Yes. And again, this technology can be applied broadly across multiple other CNS programs and a lot of other places that you're working. So, John, you guys ended the third quarter with phenomenally strong cash position of $2.3 billion. How long does this fund the company? But maybe even more importantly, what does this enable Alnylam to accomplish?

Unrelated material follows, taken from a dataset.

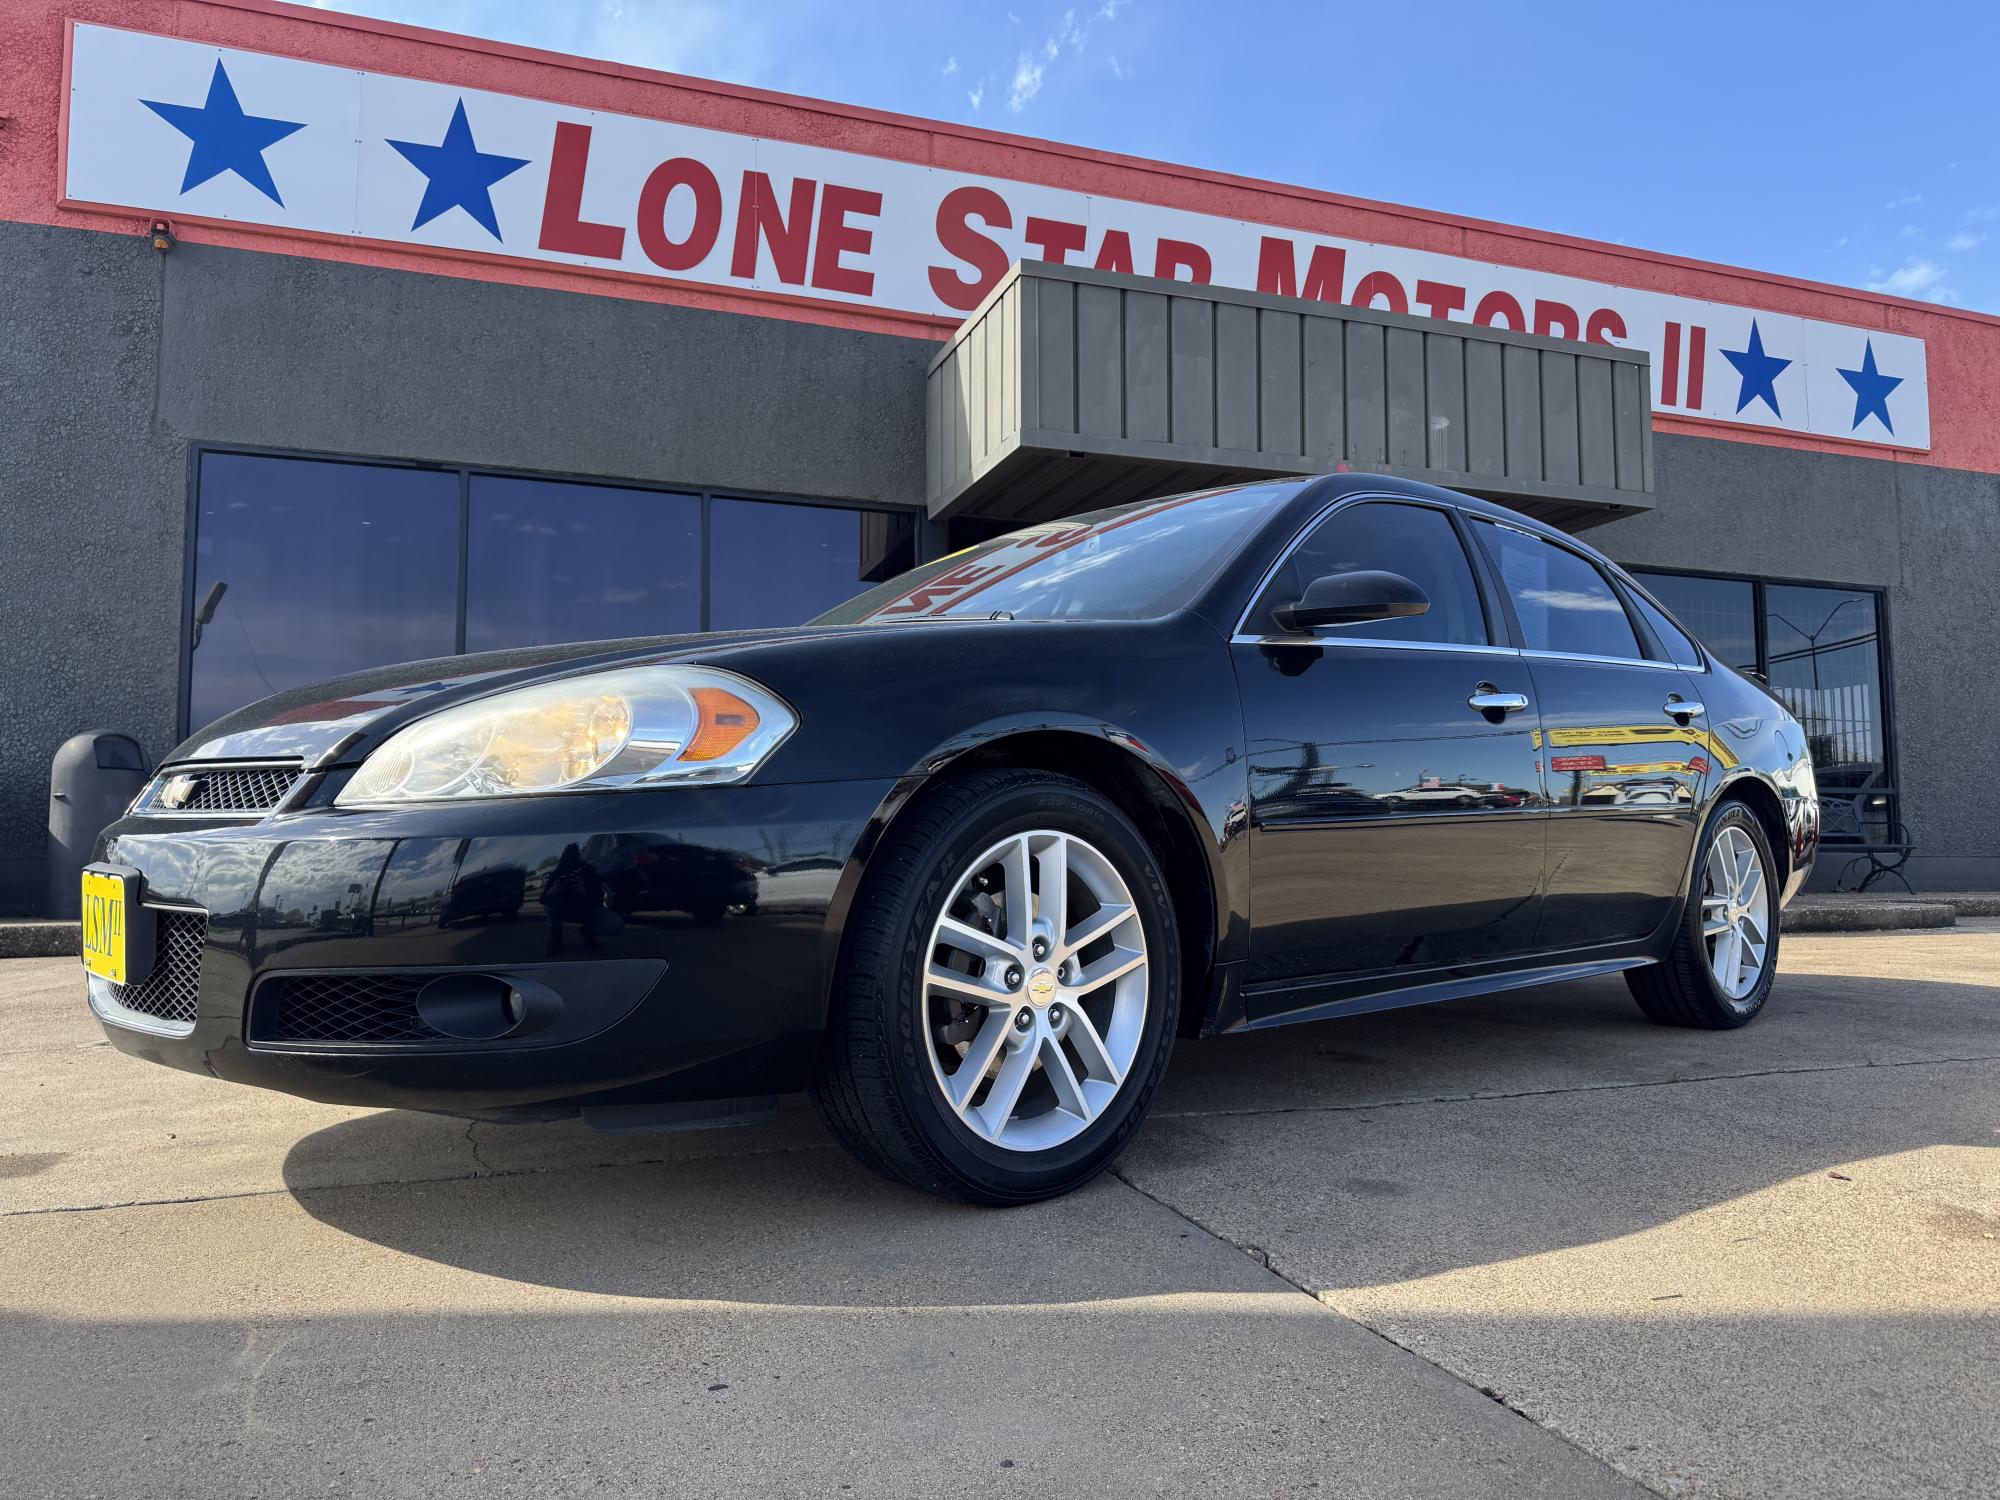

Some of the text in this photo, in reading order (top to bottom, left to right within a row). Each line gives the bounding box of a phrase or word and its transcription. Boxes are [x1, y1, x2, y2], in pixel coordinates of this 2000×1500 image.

Yes. Well, I mean, we will never have to go to the equity markets to raise capital. We have financed the company effectively. And with the growth of our revenues and the continued moderated discipline around our operating expense growth, we're heading toward profitability. And as you know, one of the P^5x25 is profitability within the period that we've committed to. And that's the plan and we're going to get there. There's no doubt about that. So there's no need to go back and raise more money. I won't have to do that or don't have to see Alnylam do that again. I'll have to do that in my new chapter again. But obviously, it's going to be we're in a very strong financial position here to get to profitability and to build a sustainable business. There's no -- nothing that's stopping us from getting there.

John, on my friend, it has been an amazing ride. You've created a new therapeutic modality and probably only a handful of people in the plant economics say that. On behalf of everybody, they think so much and wishing you nothing, but personal happiness and continued professional success. Thanks, John.

Thank you, Ted. Let's stay close and in touch, everybody. Bye-bye now.